Known pepperoni varieties are for example: ‘Thai Yellow’, ‘Georgia White Pepper’ or the elephant’s trunk (C. annuum).
Picture gallery: Colourful variety of peppers
Ornamental peppers are mostly Capsicum frutescens, a shrub-like and low-growing species with pretty, vertical, pip-shaped fruits. These are also edible, but if these varieties are sold as ornamental plants (see labelling), treatment with plant protection products not authorised for vegetables intended for human consumption is permitted. If you grow your own ornamental peppers from seeds, this danger does not exist and you can decide according to your taste whether you want to use the pretty peppers in the kitchen or not.
The sharpness of the pods is indicated in the unit Scoville and varies from variety to variety. It can even vary quite strongly between the fruits of the same plant. Guaranteed fire-free (0 Scoville) is vegetable pepper, because all varieties lack the spicier Capsaicin.
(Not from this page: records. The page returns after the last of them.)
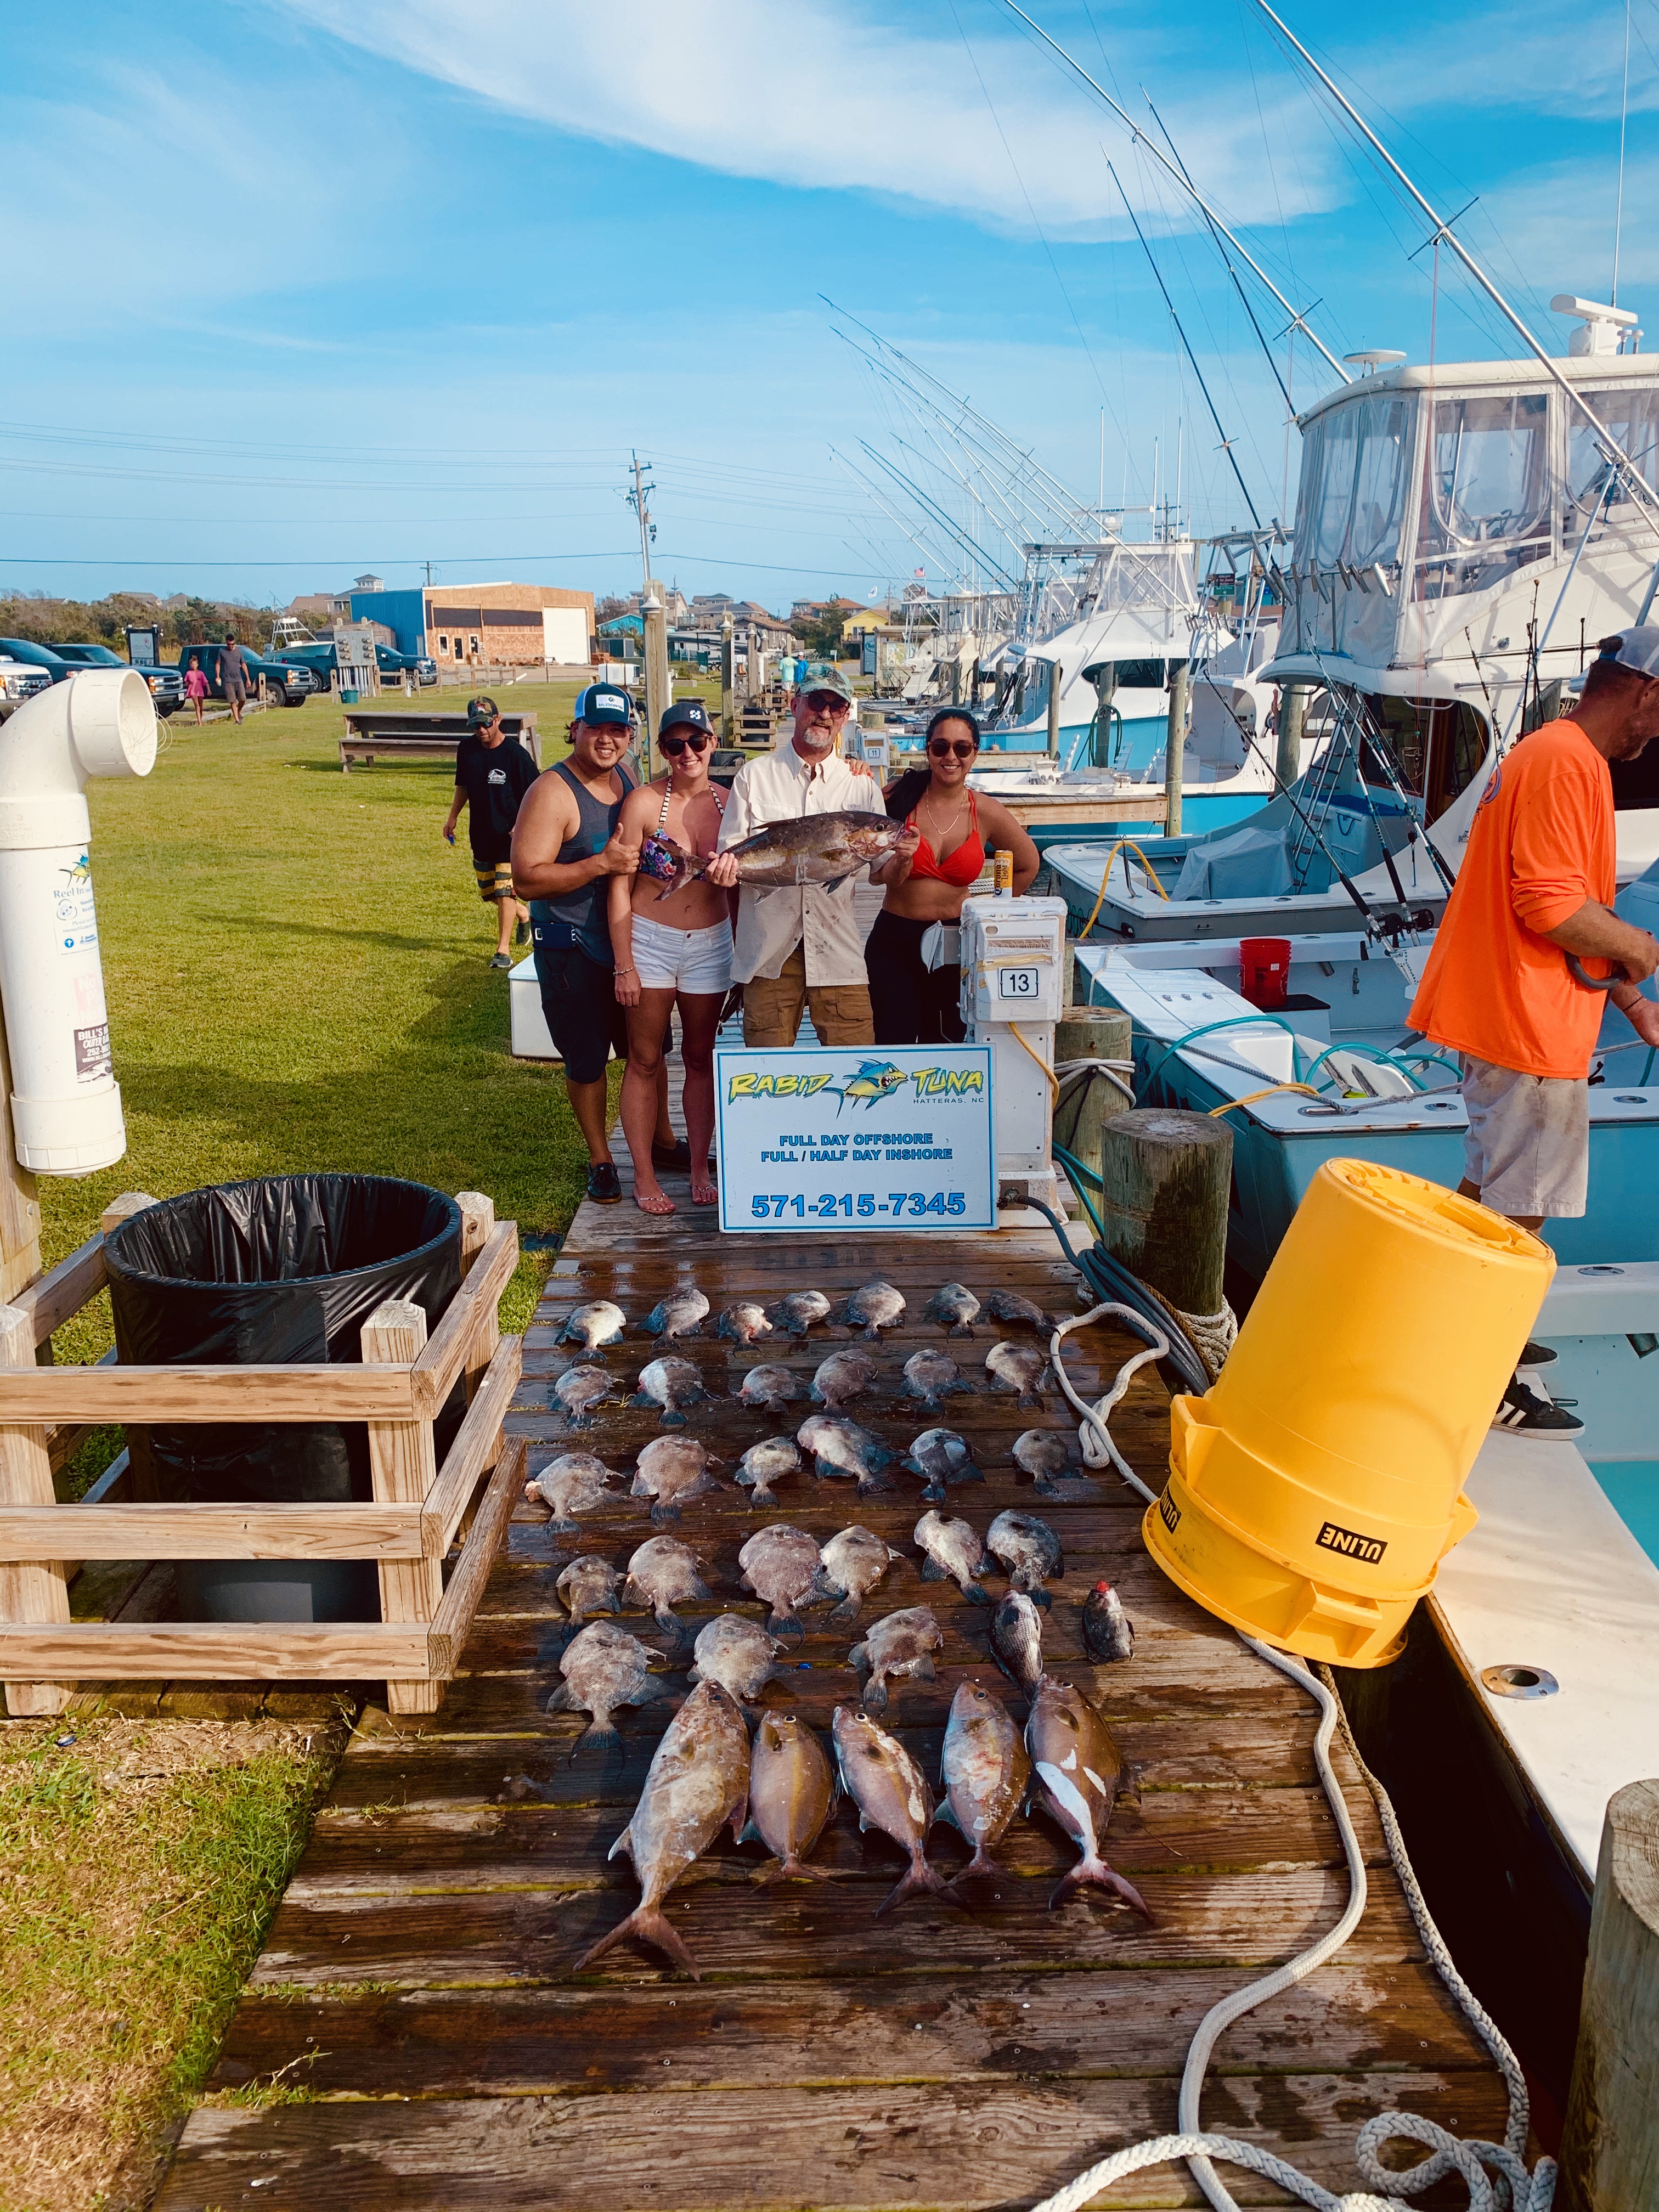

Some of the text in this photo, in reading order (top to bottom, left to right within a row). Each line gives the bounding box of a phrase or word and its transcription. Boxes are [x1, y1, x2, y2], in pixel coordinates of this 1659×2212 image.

[53, 887, 74, 898] Reel
[1009, 974, 1029, 992] 13
[78, 1028, 103, 1041] BILL'S
[83, 1037, 103, 1048] OUTER
[728, 1067, 984, 1105] RABID TUNA
[780, 1133, 933, 1147] FULL DAY OFFSHORE
[761, 1148, 953, 1162] FULL / HALF DAY INSHORE
[751, 1192, 966, 1218] 571-215-7345
[1321, 1527, 1381, 1560] ULINE
The Hungarian Cherry Pepper, which is also used for the production of sweet paprika powder, is already at 2 on the heat scale. The sharpest chillies are the red ‘Bhut Jolokia’ from India and the hybrid ‘Carolina Reaper’ cultivated in South Carolina. Both should be enjoyed only with caution, as Scoville values beyond the two million were already measured here. For comparison: Tabasco sauce is between 2,500 and 5,000 and pepper spray for self-defense is between 180,000 and 300,000 Scoville.
The pure flesh of the paprika and chilli peppers contains less capsaicin than the so-called placenta, the white inner tissue of the fruit to which the seeds also adhere. For hot peppers, the placenta and seeds should therefore be carefully removed during preparation. However, the sun-ripened pods are still healthy: their considerable content of vitamin C, beta-carotene and other valuable plant substances alone puts many native vegetable species in the shade. And also the sharpness has a good thing, because high Capsaicin contents work disinfecting. Therefore, in many tropical and subtropical countries, food is traditionally seasoned much more spicy than in the temperate zone.
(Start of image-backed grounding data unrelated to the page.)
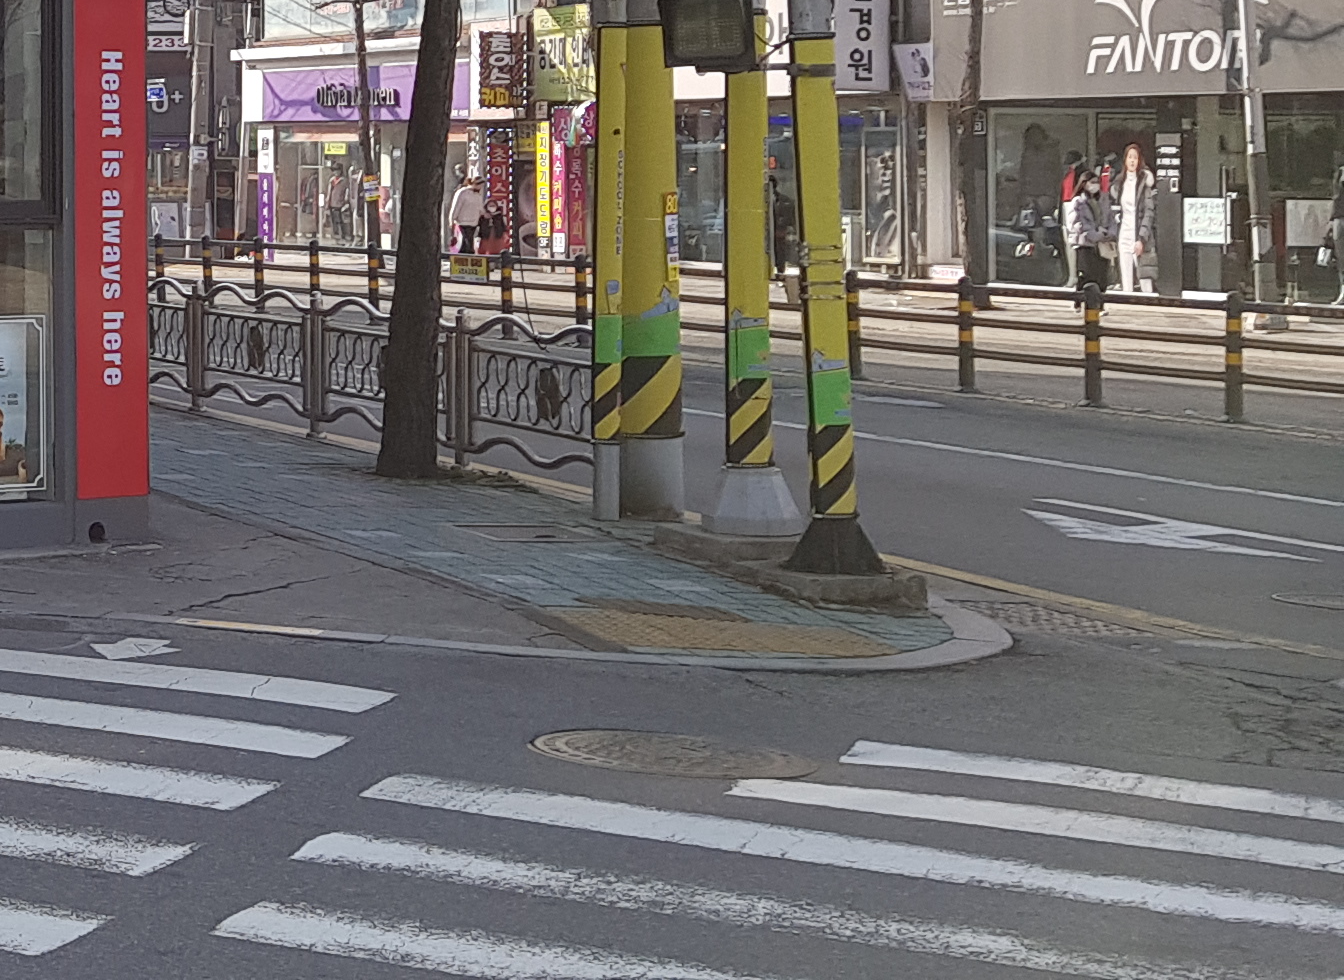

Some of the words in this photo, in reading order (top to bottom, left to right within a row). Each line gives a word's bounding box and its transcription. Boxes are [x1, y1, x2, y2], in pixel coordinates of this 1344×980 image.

[101, 51, 124, 137] Heart
[316, 84, 348, 107] Olivia
[351, 86, 395, 107] Lren
[101, 148, 124, 179] is
[101, 189, 124, 300] always
[102, 311, 124, 387] here
Peppers are sown in the same way as tomatoes. Unlike peppers, peppers are usually variety-true and can easily be propagated by themselves.
Diseases and pests
If young plants are kept too cool, aphids occasionally appear. In summer, aphid infestation is favoured by too narrow a stand, too strong fertilisation and lack of light. Rinsing the leaves with water is usually sufficient as a countermeasure. When the white fly first appears, yellow boards should be hung nearby. Excessive humidity can cause grey mould. Timely ventilation prevents this fungal disease. Occasionally similar diseases as with the closely related tomatoes occur.
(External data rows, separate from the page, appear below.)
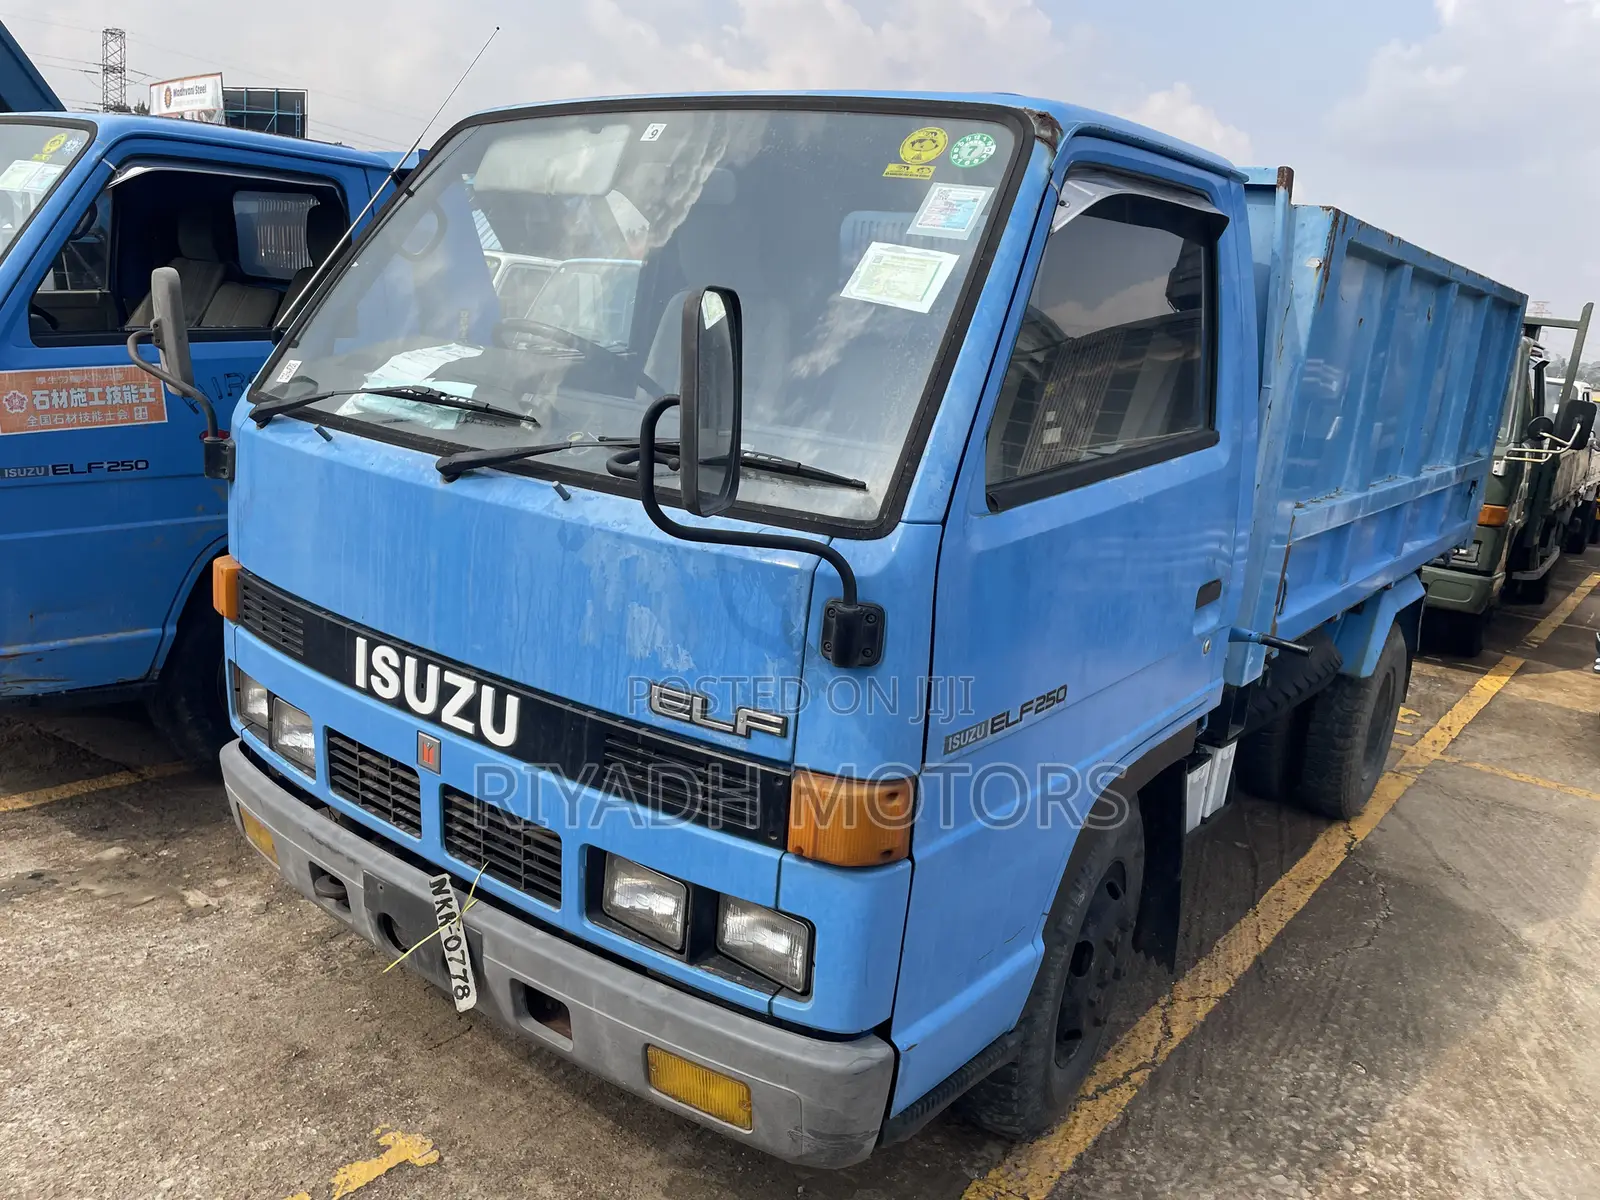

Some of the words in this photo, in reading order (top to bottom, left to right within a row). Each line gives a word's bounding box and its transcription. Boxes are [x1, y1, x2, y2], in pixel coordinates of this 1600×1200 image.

[195, 84, 207, 94] Steel
[649, 129, 659, 140] 9
[967, 145, 978, 157] 7
[31, 383, 156, 410] 石材施工技能士
[4, 467, 45, 478] ISUZU
[355, 636, 520, 747] ISUZU
[650, 682, 788, 739] ELF
[948, 722, 986, 751] ISUZU
In an interview with our store editor Dieke van Dieken, plant doctor René Wadas reveals his tips against aphids.Credits: Production: Folkert Siemens; Camera and Editing: Fabian Primsch
Peppers in the our store-Shop
I am Don Burke, one of the authors at My Garden Guide. I am a horticulturist that cultivates, grows, and cares for plants, ranging from shrubs and fruits to flowers. I do it in my own garden and in my nursery. I show you how to take care of your garden and how to perform garden landscaping in an easy way, step by step.I am originally from Sydney and I wrote in local magazines. Later on, I have decided, more than two decades ago, to create my own blog. My area of specialization is related to orchid care, succulent care, and the study of the substrate and the soil. Therefore, you will see many articles dedicated to these disciplines. I also provide advice about how to improve the landscape design of your garden.